There were a couple of exceptions to this rule, however. All agreed to surrender nuclear weapons to the Russian military, and the Black Sea Fleet, stationed on the Ukrainian peninsula of Crimea, was split between Ukraine and Russia. While not based on needs or threats, this methodology of dividing the Soviet military at least gave a logical framework for determining who got which units and equipment. This was not the case with manpower. Military personnel had the choice of serving in the Russian military, the military of the republic of their ethnicity, or the military of the republic in which they were stationed.

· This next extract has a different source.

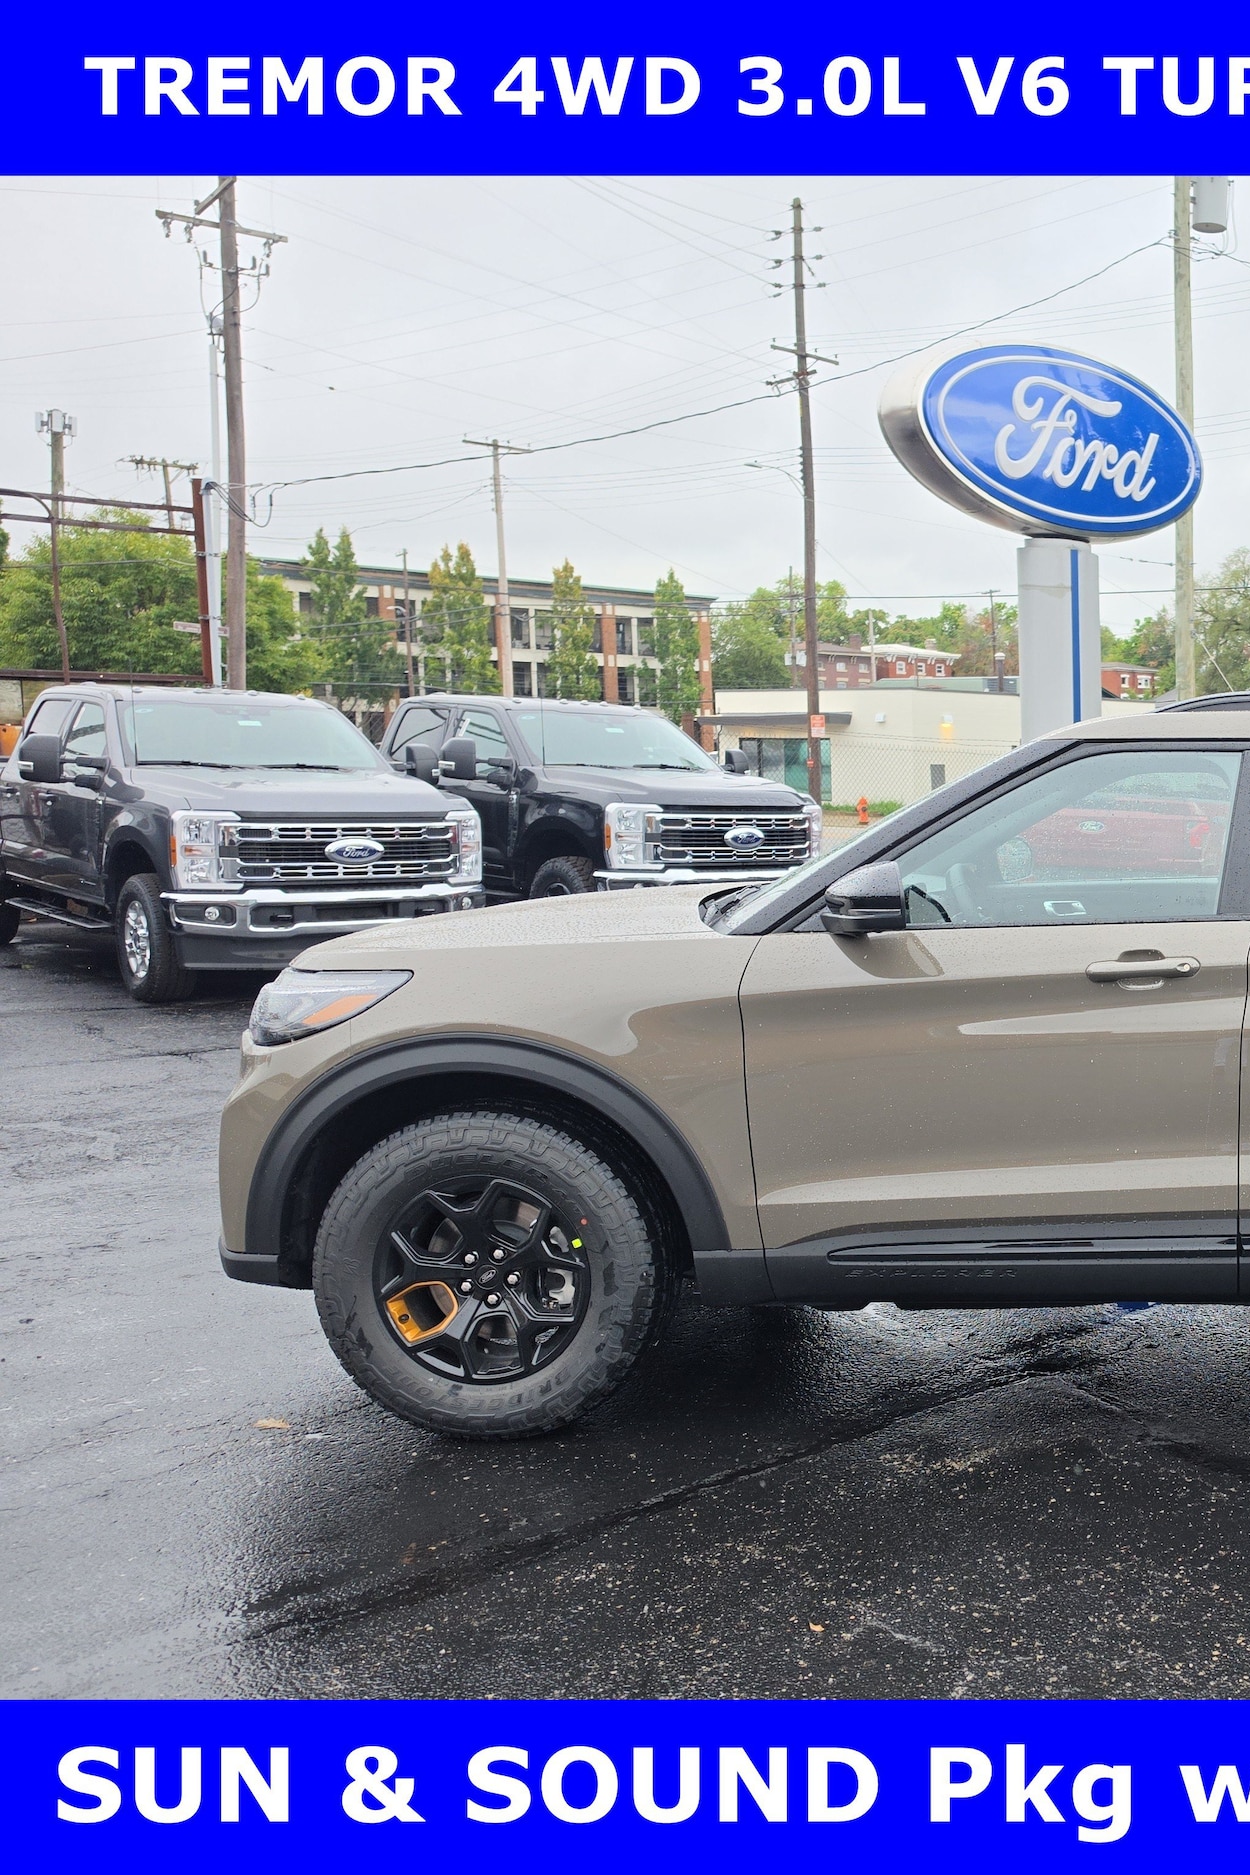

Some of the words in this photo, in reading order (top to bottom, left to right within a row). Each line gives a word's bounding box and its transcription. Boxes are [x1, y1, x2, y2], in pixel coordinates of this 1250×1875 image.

As an example, an ethnic Kazakh serving in Moldova had the choice of serving in the Russian forces, returning to Kazakhstan to serve in their armed forces, or staying in place and serving in the newly created Moldovan armed forces. This is the stuff of nightmares for a human resource manager. Benign Neglect The nineties were a period of benign neglect for the Russian military. Defense funding continued to be low, and given the economic turmoil of the times, there was no alternative as the Russian economy simply could not generate enough resources for the military, even if there had been political will.  Coinciding with the devolution of much of the Soviet military into the Armed Forces of the Russian Federation, the Russian military was called upon repeatedly to intervene at home and abroad. In the center of Moscow in October 1993, Russian tanks shelled the Russian Federation’s Parliament building, known as the White House, as part of a constitutional crisis.

Russian forces of all types played roles to varying degrees in conflicts within the borders of the former Soviet Union: Transnistria in Moldova, Nagorno-Karabakh, Abkhazia and South Ossetia in Georgia, and Tajikistan. The Russian military also deployed even further afield by sending contingents to Bosnia, and then Kosovo. The most revealing of Russia’s operations during the 1990s, however, was Chechnya. Chechnya, led by Dzhokhar Dudayev, declared its independence in November 1991, and lingered in a de facto autonomous status with minimal interference from the Russian Federation for three years. In November 1994, Russian-backed Chechen rebel forces attempted unsuccessfully to overthrow Dudayev’s separatist government with disastrous results: forty tanks lost and more than 300 personnel killed.

Russia made a second attempt to overthrow the separatist government with a coup de main the following month on New Year’s Eve. Cobbling together four columns from thirteen different regiments and brigades, the Russian military believed a quick strike on the Chechen capital of Grozny could successfully overthrow the Dudayev government. The initial attempt was catastrophic. The Russians lost more than 200 armored vehicles, 1,400 personnel were killed in action, another 4,000 wounded, and 500 missing. One of the columns lost 105 of its 120 armored vehicles.

An entire battalion of the 131st Motorized Rifle Brigade ceased to exist, and the 81st Motorized Rifle Regiment took fifty percent casualties. The Russians regrouped, and using more deliberate tactics, were finally able to gain control of Grozny. For the next two years the Russian forces waged a counterinsurgency in Chechnya. The seizure of the hospital in Budennovsk in June 1995 proved to be a turning point in Russian public opinion, however, and the rebel seizure of Grozny in August 1996 through a surprise attack proved to be the final straw. Yeltsin’s national security advisor, Aleksandr Lebed, negotiated a ceasefire that again resulted in de facto autonomy for Chechnya. Russia demonstrated an inability to project power within its own borders to assert control over all its territory.